Lundi 18 juillet. Les travaux dans l’avenue ont repris après une longue pause due au week-end du 14 juillet. C’est reparti fanfare et dans les coins de rue, les passants ne sont plus à la fête. 
Je tente de lire dans le brouillard sonore ce que je peux en tirer comme notes neutres. À force sort une ligne de basse sur laquelle je me pose. 

Lundi 18 juillet. 
Toujours Sexton
et ce matin elle me dit ça :
« Je me suis cachée dans le placard comme on se cache dans un arbre »

À demain, chère application.
  • 18.7.22

Bref

L’orage viendra
semble dire 
dans un dernier souffle 
la mouche grillée sur le balcon

(Bref, j’ai envie d’une bière)
  • 17.7.22

Chère application - 17 juillet

Chère application,

Dimanche 17 juillet. Mes yeux roulent sur eux-mêmes, se regardent dans le blanc. Trop de lumière encore ce matin, avec un peu d’ail dans l’air. Comme si quelqu’un par ici sur un des balcons qui me dominent manger une soupe avec un morceau de pain gratté d’ail à tremper dedans. Ce n’est que dans mon nez, il roule sur lui-même. J’ai l’imagination olfactive. Trop de lumière. 

Dimanche 17 juillet. Et de cet ail reconnaître mon odeur que je tiens de mon père. Un espagnol, ça sent toujours un peu la soupe, l’été. Avec un relent d’ail dans la bouche après un déjeuner bien arrosé et épicé. Mon père et son pan con tomate que l’on sert désormais dans les bars à tapas, un peu partout dans le monde. Mon père et son arrière-goût d’ail et de vin. Je n’ai jamais aimé l’ail. Je roule sur moi-même. Trop de lumière. 

Dimanche 17 juillet. 
Une petite musique 
sort d’une fenêtre. 
Trois notes qui se répètent
jouées sur un piano d’enfant. 
C’est de là que vient l’ail. 

À demain, chère application.
  • 17.7.22

Chère application - 16 juillet

Chère application,

Samedi 16 juillet. Il y a une bosse sur le dos du jour. Je le vois claudiquant dans la rue, courbé sur ses pieds. Il marche et il va marcher. Je peux en être sûr. Il a le soleil pour lui. La bosse n’est qu’une ombre, une ombre venue des murs. Une illusion d’optique. Une création de mon esprit. Le jour marche avec une ombre sur le dos. Elle se dissipera, chemin faisant. 
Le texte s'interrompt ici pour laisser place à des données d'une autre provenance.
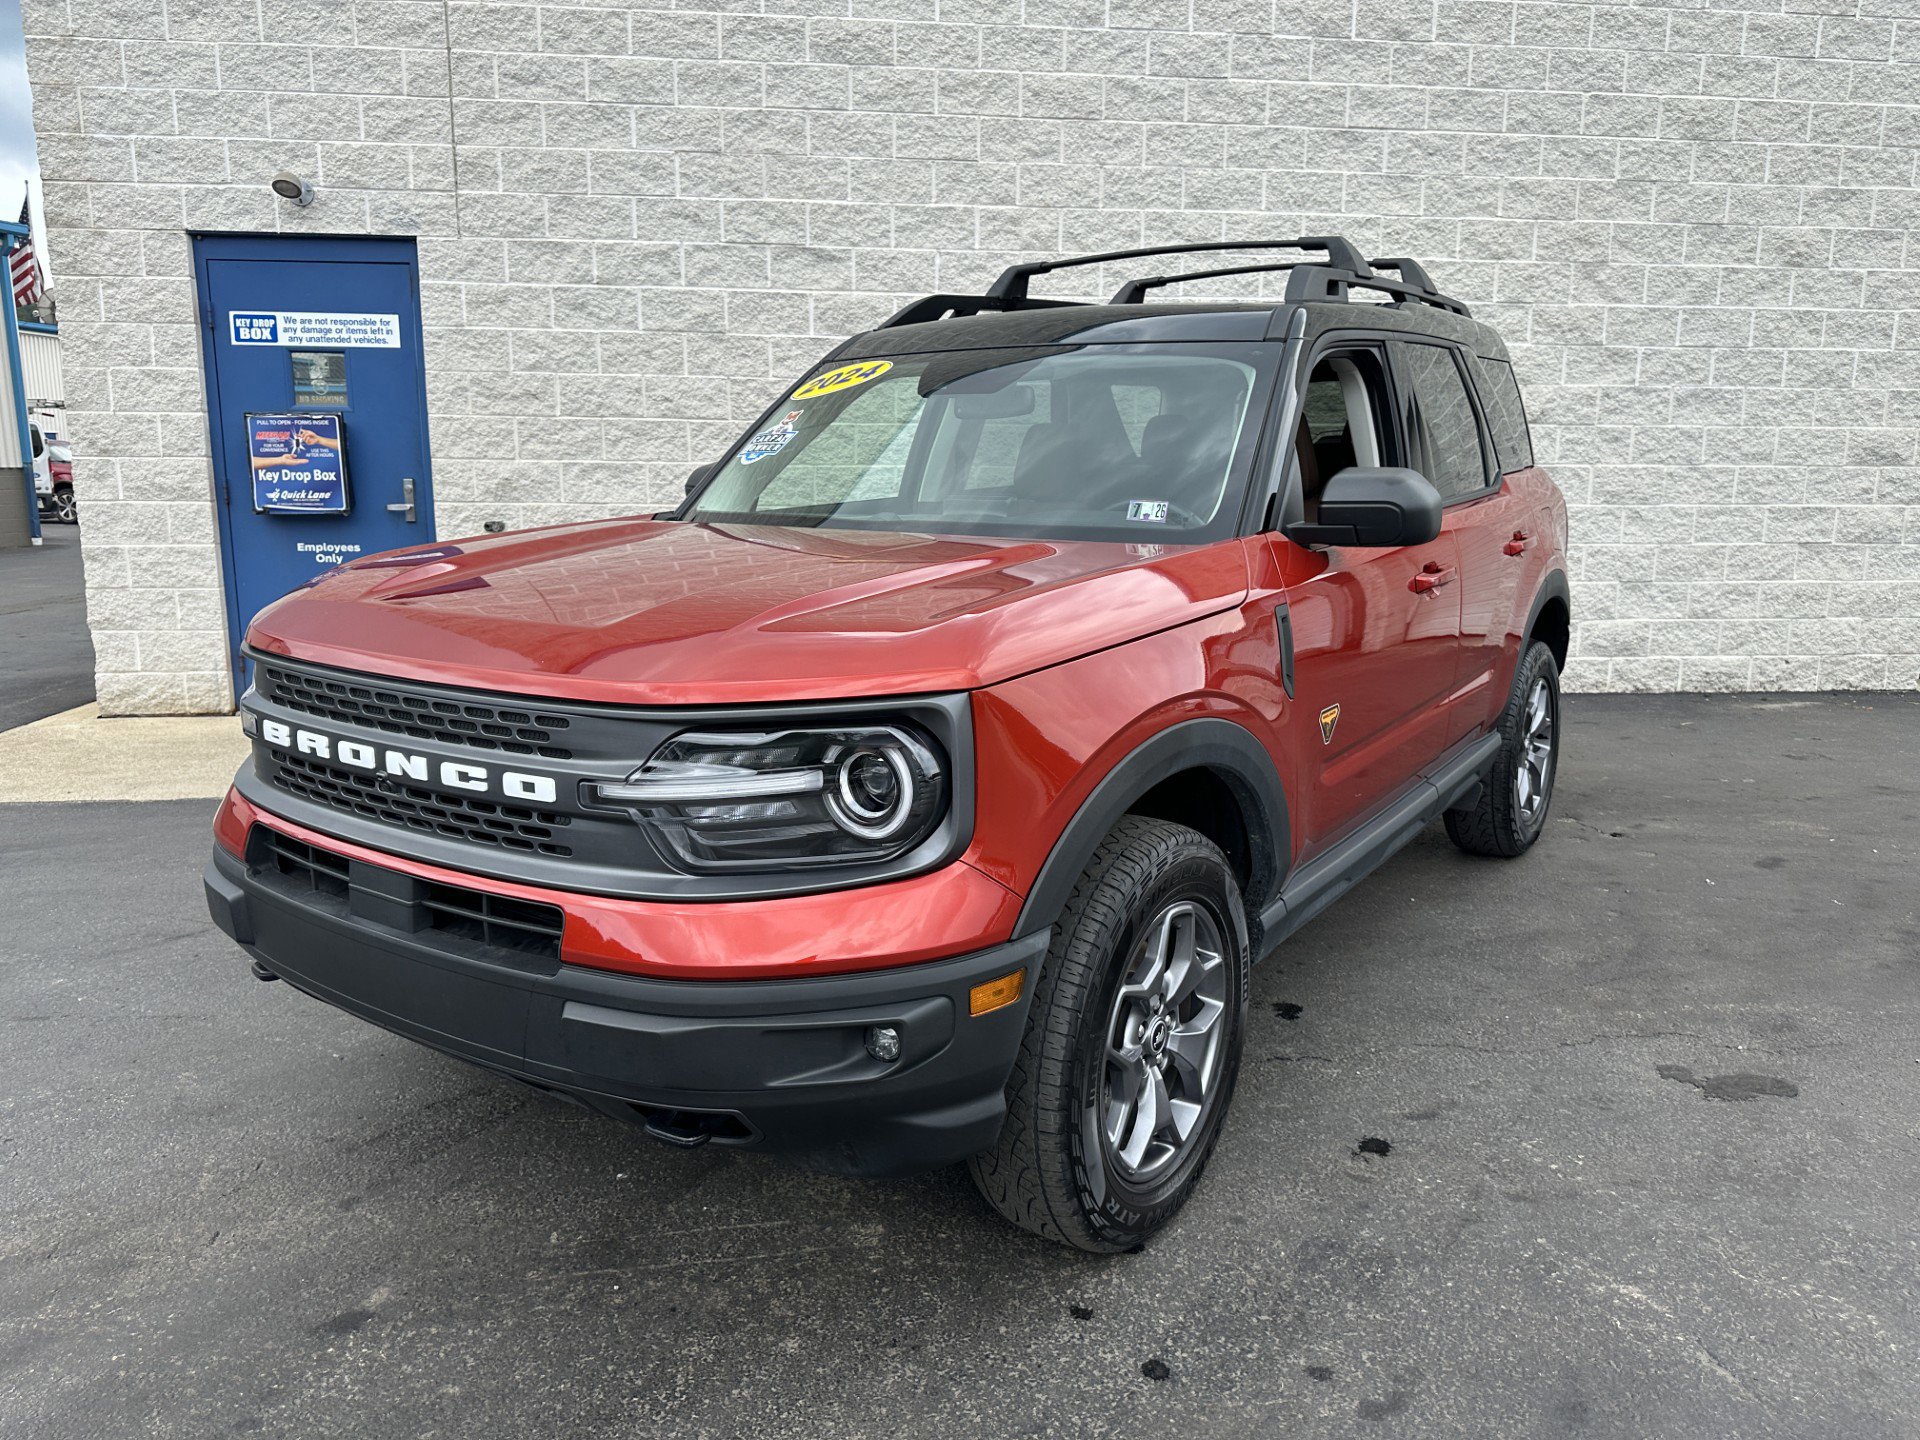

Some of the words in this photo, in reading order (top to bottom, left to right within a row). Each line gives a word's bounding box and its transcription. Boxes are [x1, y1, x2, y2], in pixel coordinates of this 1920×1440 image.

[236, 318, 251, 327] KEY
[252, 319, 275, 328] DROP
[283, 316, 297, 324] We
[315, 317, 328, 325] not
[330, 318, 376, 326] responsible
[380, 318, 390, 326] for
[240, 328, 272, 340] BOX
[301, 326, 332, 335] damage
[370, 327, 383, 335] left
[288, 336, 303, 344] any
[306, 335, 351, 343] unattended
[354, 336, 389, 344] vehicles.
[797, 363, 885, 397] 2024
[258, 470, 279, 483] Key
[282, 470, 311, 483] Drop
[313, 469, 336, 480] Box
[281, 490, 306, 499] Quick
[307, 490, 331, 498] Lane
[1133, 503, 1141, 518] 7
[1155, 504, 1166, 518] 26
[297, 543, 361, 553] Employees
[316, 554, 343, 564] Only
[262, 719, 557, 803] BRONCO
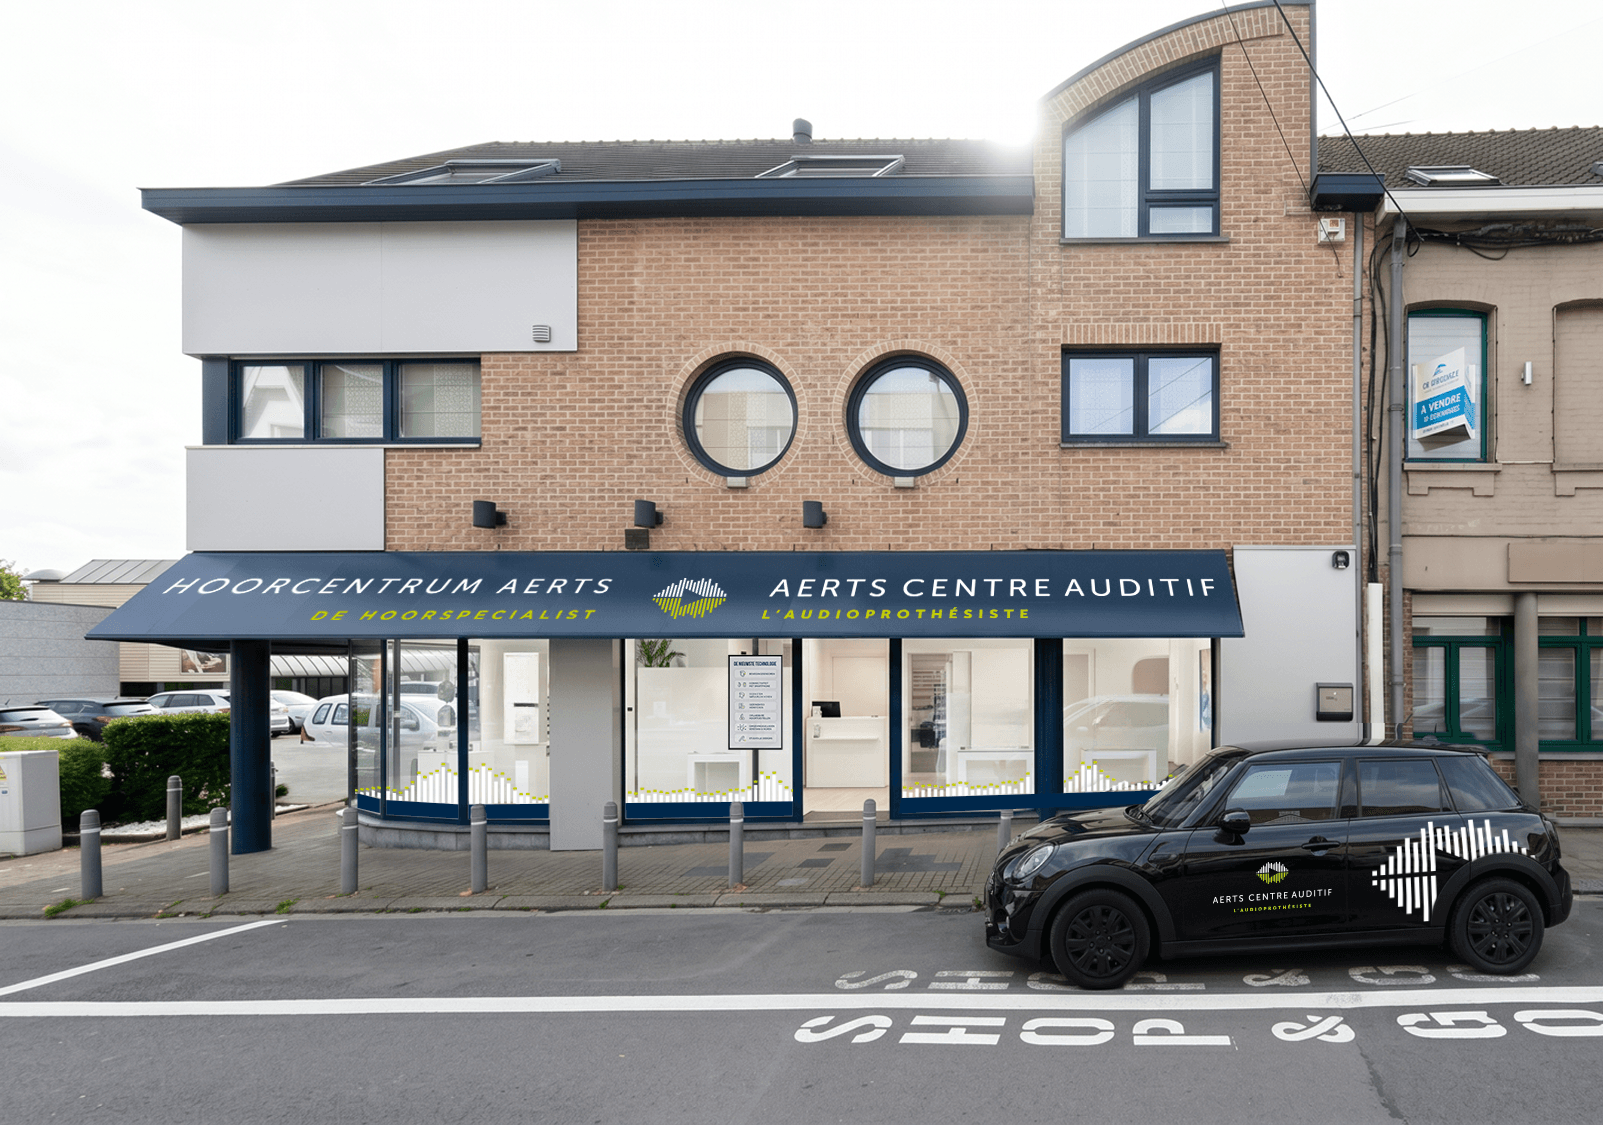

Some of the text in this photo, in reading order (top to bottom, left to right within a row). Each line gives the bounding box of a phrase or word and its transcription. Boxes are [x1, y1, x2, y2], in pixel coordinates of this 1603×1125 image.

[1420, 405, 1427, 415] A
[1428, 393, 1461, 412] VENDRE
[163, 578, 613, 594] HOORCENTRUM AERTS
[769, 578, 1215, 597] AERTS CENTRE AUDITIF
[310, 609, 597, 621] DE HOORSPECIALIST
[761, 607, 1029, 620] L'AUDIOPROTHÉSISTE
[1212, 888, 1333, 904] AERTS CENTRE AUDITIF
[794, 1009, 1603, 1046] SHOP & GO
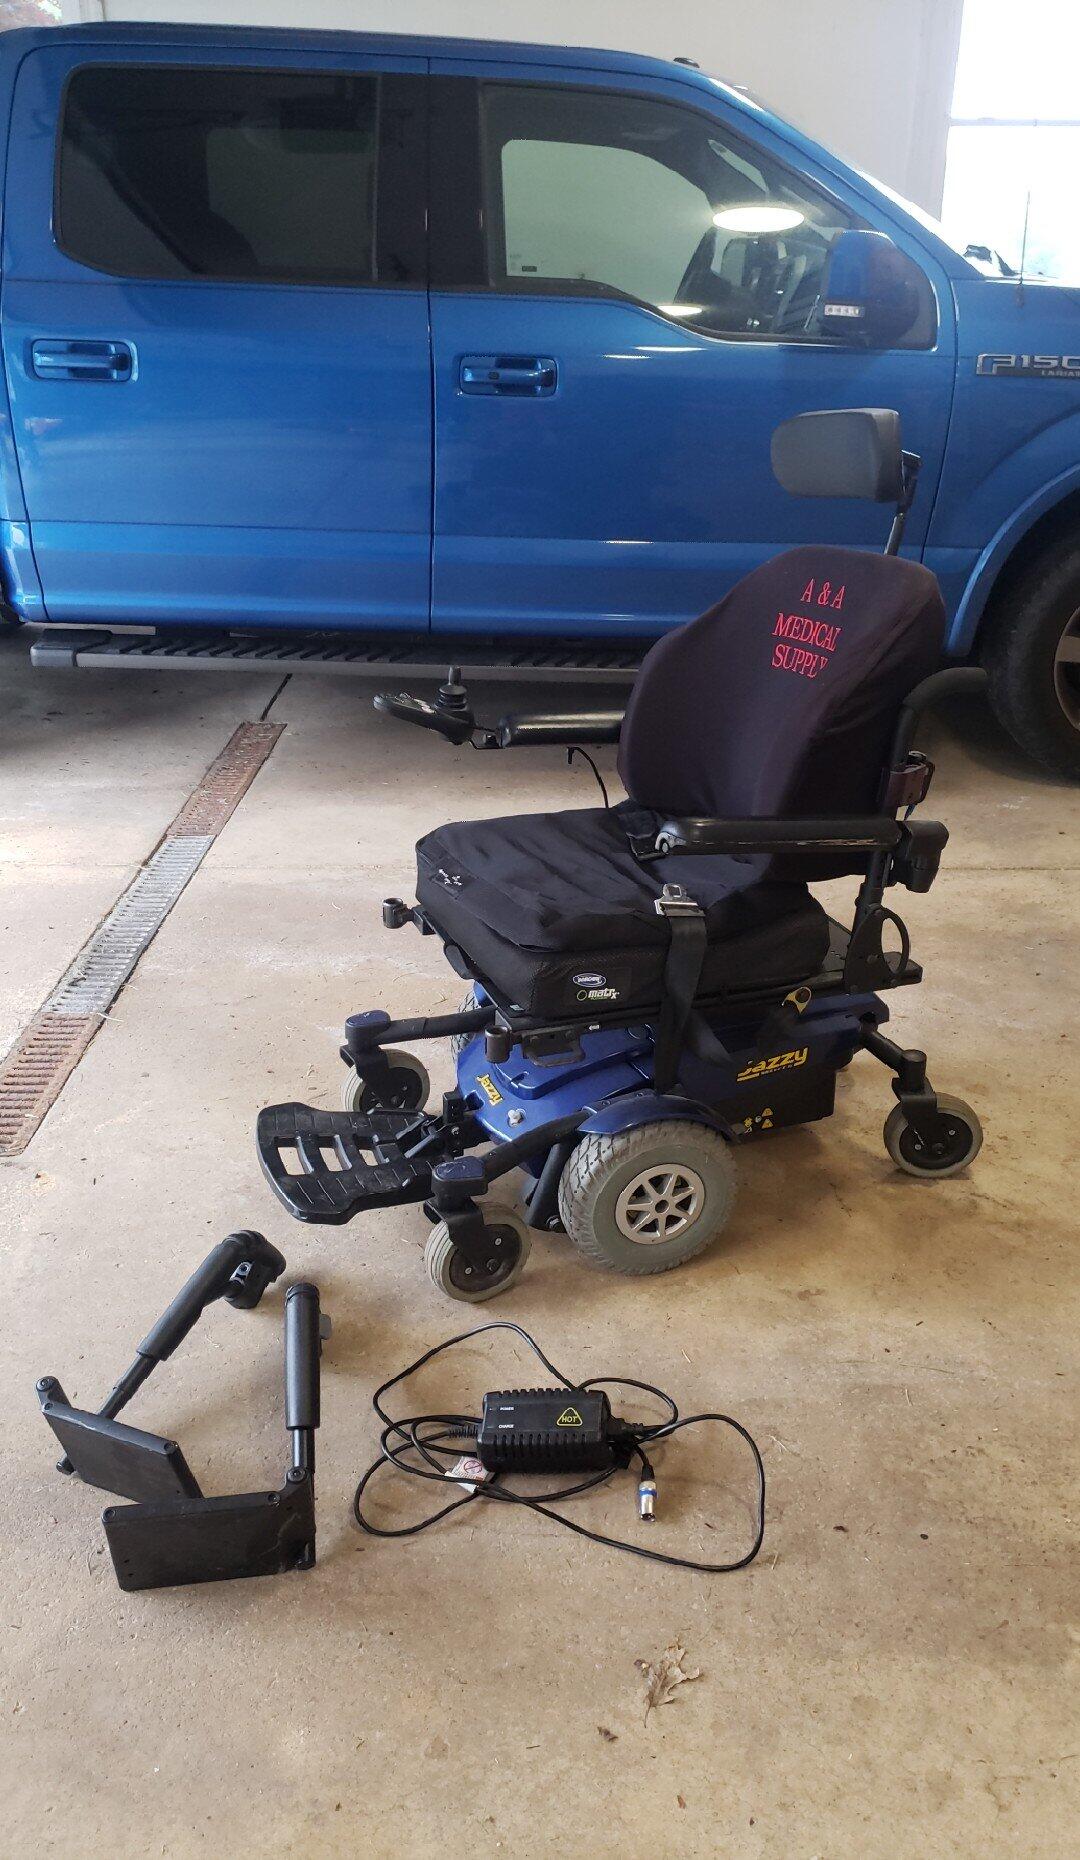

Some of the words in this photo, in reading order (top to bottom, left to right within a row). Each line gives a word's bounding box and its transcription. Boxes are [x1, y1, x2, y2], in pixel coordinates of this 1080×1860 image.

[800, 578, 815, 603] A
[817, 581, 831, 606] &
[830, 585, 846, 609] A
[771, 612, 842, 652] MEDICAL
[771, 643, 829, 679] SUPPLY
[561, 1415, 578, 1424] HOT
Samedi 16 juillet. D’où vient cette idée de bosse ? C’est un poids assis sur le matin, sur mes mains qui gonflent, sur mon cou qui peine à s’étirer. Il faudra faire craquer les idées et libérer mes doigts de la pesanteur de l’instant. En attendant, je me graisse au café pour rallumer la machine, me touche l’échine, repars. Il y a une bosse sur le dos du jour. 

Samedi 16 juillet. 
Regarde plus loin
que le mur d’en face. 
Tords le cou 
aux pensées du ventre. 

À demain, chère application.
  • 16.7.22

Bref

Je ventile surventile hyperventile 

Ça tourne sec dans la machine
à 37.5 finalement on est bien
juste à la température du corps 
sous le ronron des pales du ventilo 

Je ventile surventile hyperventile

Ça tourne sec dans la tête 
les pensées bouillon ronron
de la machine suent du rachis
cervival crânent jusqu’à la moelle

Je ventile surventile hyperventile

(Bref, j’ai envie d’une bière)
  • 15.7.22

Chère application - 15 juillet

Chère application,

Vendredi 15 juillet. J’écoute ce matin François Bon dans sa série de très courtes vidéos intitulée « Histoire de la littérature ». Passent ici, sur Instagram mais aussi Tik Tok toutes sortes d’anecdotes sur nos grands écrivains. Allez écouter, allez voir, Bon est devenu notre père Fouras de la littérature.
Aujourd’hui, Blaise Cendrars déchire ses livres pendant ses voyages, dix quinze pages qu’il glisse dans la boîte à gants de son auto pour ne pas s’encombrer du livre entier. 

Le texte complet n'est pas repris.